The system handles the relationship between initialization segments and data segments in fragmented MP4 files, which is critical for proper C2PA validation in DASH and HLS streams. The validation results are shown through a user interface with three possible states:

  • Valid (content has verified Content Credentials), 
  • Invalid (credentials are present but verification failed),
  • No credentials (content doesn’t include C2PA data). 

Users can click on the validation indicator to view detailed manifest information, including the content’s origin and any editing history.

The path forward for content authenticity

Our hackathon project demonstrates that integrating Content Credentials with video players is both practical and performant. As the C2PA standard continues to gain industry adoption, we expect to see more streaming platforms implementing validation capabilities to build trust with their audiences. For Bitmovin, this prototype is a first step toward understanding how authenticity signals could fit alongside our solutions and existing playback, analytics, and monetization workflows.

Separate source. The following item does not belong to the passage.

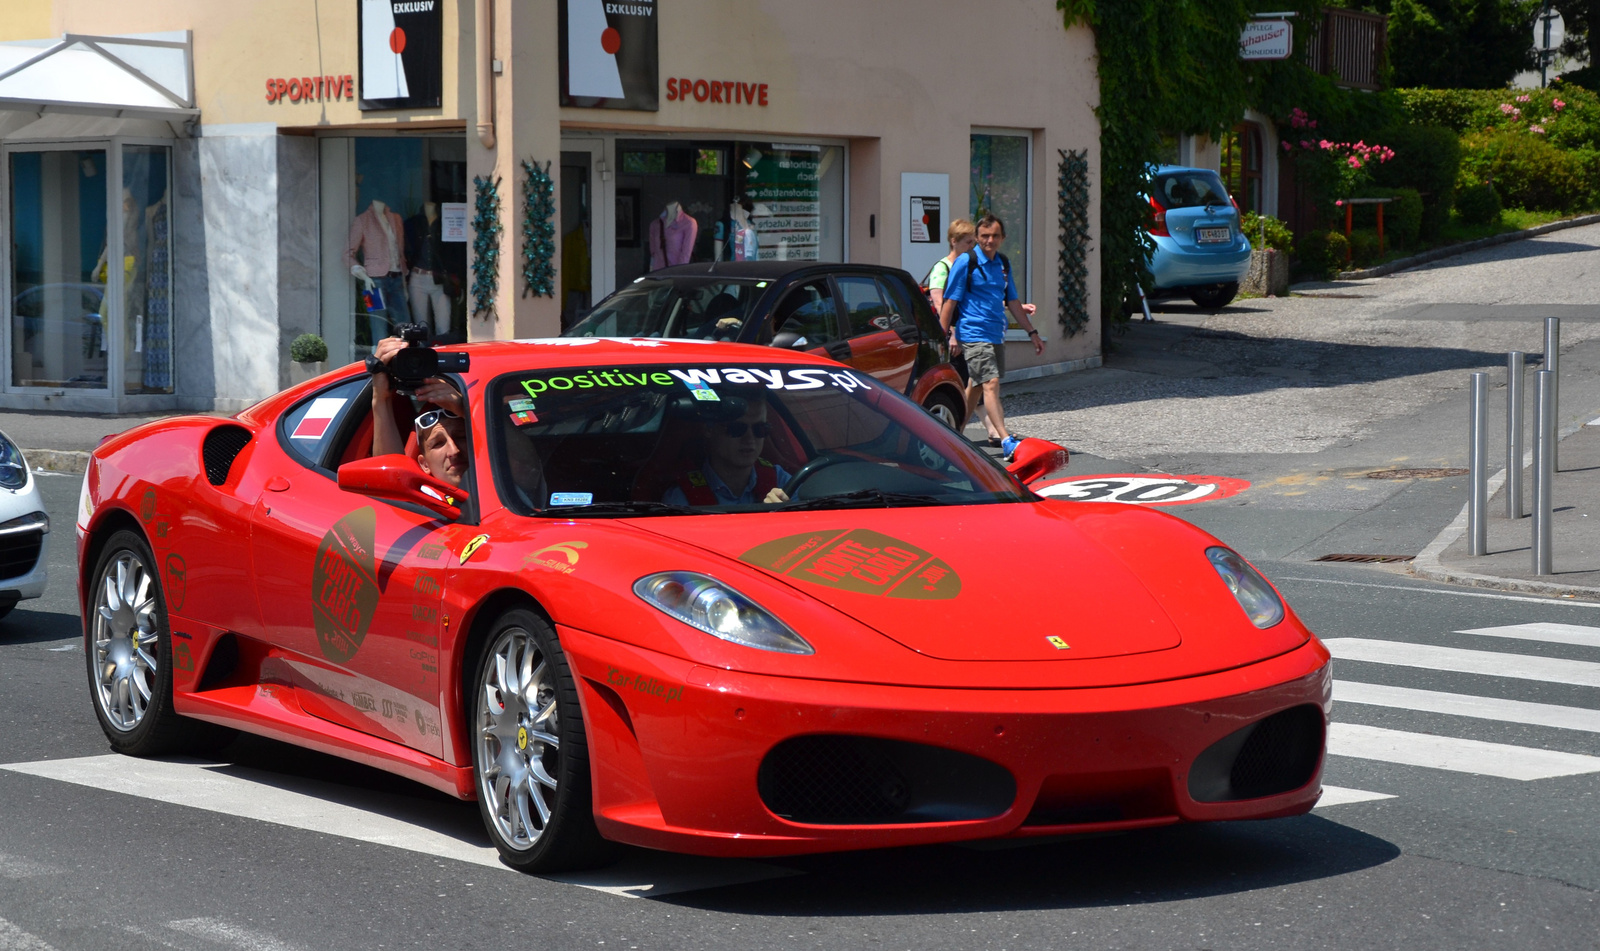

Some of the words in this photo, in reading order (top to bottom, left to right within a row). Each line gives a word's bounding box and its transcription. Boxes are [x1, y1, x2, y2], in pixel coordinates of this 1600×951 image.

For developers interested in exploring C2PA integration, the C2PA JavaScript SDK provides the foundation for building validation into web-based video players. By bringing Content Credentials to video streaming, platforms can help viewers make informed decisions about the content they consume which is an increasingly important capability as AI-generated and manipulated content becomes more prevalent. Over time, content authenticity indicators in the player may become as common and expected as HTTPS locks in the browser, giving viewers a simple, familiar signal that the provenance of what they are watching can be verified.